The unit’s revenue rose 8% in Q3, and its operating profit rose 3% to $1.7 billion. At the end of the quarter, its backlog was an incredible $253 billion, up 20% year-over-year.

The unit will continue to be hurt by the issues with Boeing’s (NYSE:BA) MAX plane, but Boeing’s decision to stop production of the plane could actually be positive in the near-term for GE. After all, GE loses money on producing and selling plane engines (it makes money by providing additional parts for the engines and servicing them after they’ve been used for a while).

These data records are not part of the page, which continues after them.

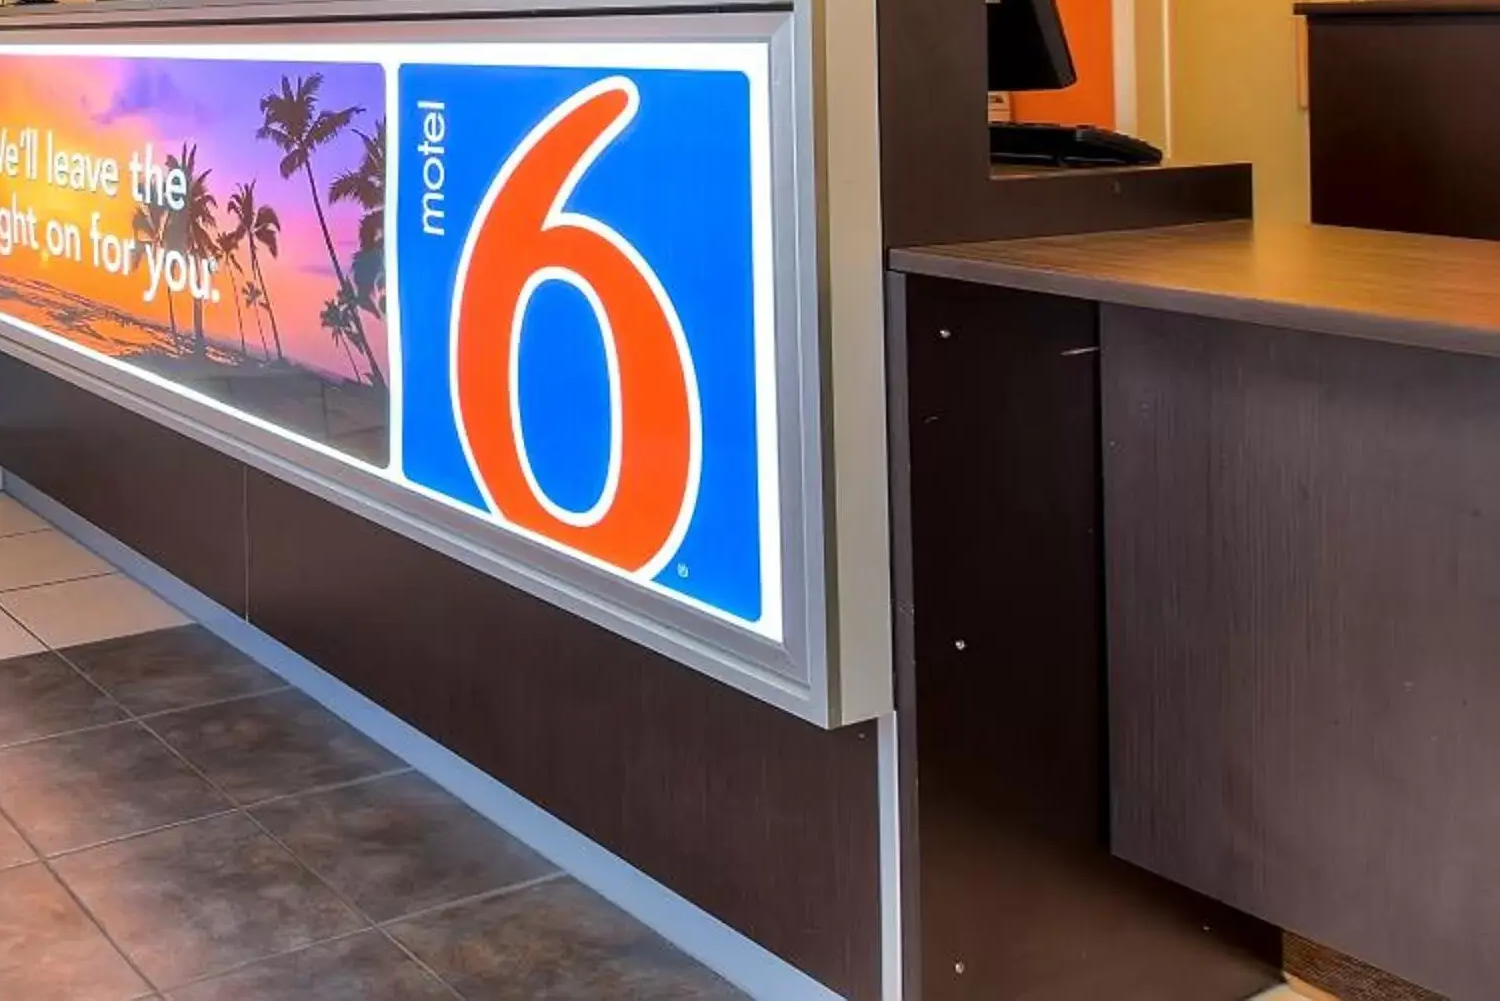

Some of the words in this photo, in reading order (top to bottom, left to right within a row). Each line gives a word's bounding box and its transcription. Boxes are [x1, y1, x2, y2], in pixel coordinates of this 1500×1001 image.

[46, 130, 120, 196] leave
[129, 142, 187, 210] the
[46, 218, 82, 263] on
[90, 211, 136, 276] for
[417, 100, 445, 236] motel
[449, 73, 703, 581] 6

Moreover, the unit’s huge backlog and many new orders from Airbus (OTC:EADSY) probably kept it going strong in Q4. Given those strong, positive catalysts, the unit will probably keep delivering very impressive results for the rest of 2020.

Additionally, new orders from overseas, such as the recent $4 billion deal between a GE joint venture and Qatar Airways, should enable Aviation’s results to keep boosting GE stock.

Renewables and GE Stock

In Q3, the unit’s orders soared 30% YoY, while its equipment orders jumped a very impressive 66% and its revenue rose 13% YoY. Culp said the unit was benefiting from “strength in international orders and (higher) order pricing.”

On the other hand, Renewables lost $98 million, down from a profit of $116 million a year earlier. Older contracts and the consolidation of joint ventures the company had previously acquired dragged down the unit’s bottom line.

Those issues likely eased in Q4 and are likely to further recede this quarter as more time elapses since the acquisition. The huge increase in the unit’s orders bodes very well for the unit.

The offshore wind deal the company signed with China in November also bodes well for GE. As I noted in a previous column, under the deal, the company will “provide 715 megawatts of its offshore wind turbines to China. That’s a lot of turbines.”

All told, GE won 1.2 gigawatts of wind power orders from China last year. The company should win many more lucrative offshore wind turbine orders going forward. A research firm estimated that the U.S. wind energy market alone could be worth $70 billion by 2030, according to CNBC. GE is currently the leading producer of U.S. wind turbines.

Healthcare and GE Stock

In Q3, the unit’s top line rose 5% YoY, and its profit jumped 13% to $974 million.  Its orders rose just 1%, though.

But Healthcare appears to be innovating very effectively. Culp said it “received the industry’s first FDA clearance to embed AI apps on a medical device for triage.”

As I pointed out in a previous column, GE announced on Dec. 1 that it had launched 30 new, money-saving healthcare products. I continue to believe that demand for at least some of these products will be very strong because they save radiologists, who are very expensive, a great deal of time. The unit’s growth should accelerate meaningfully over time as a result.

The Bottom Line on GE Stock

So far, Culp has kept his important promises and met his crucial targets. So investors should be willing to trust his statement that the company’s results will improve in 2020 and 2021.

Moreover, all of GE’s units seem to be improving, and their growth looks poised to accelerate meaningfully, making GE stock attractive.

As of this writing, Larry Ramer owned shares of GE stock.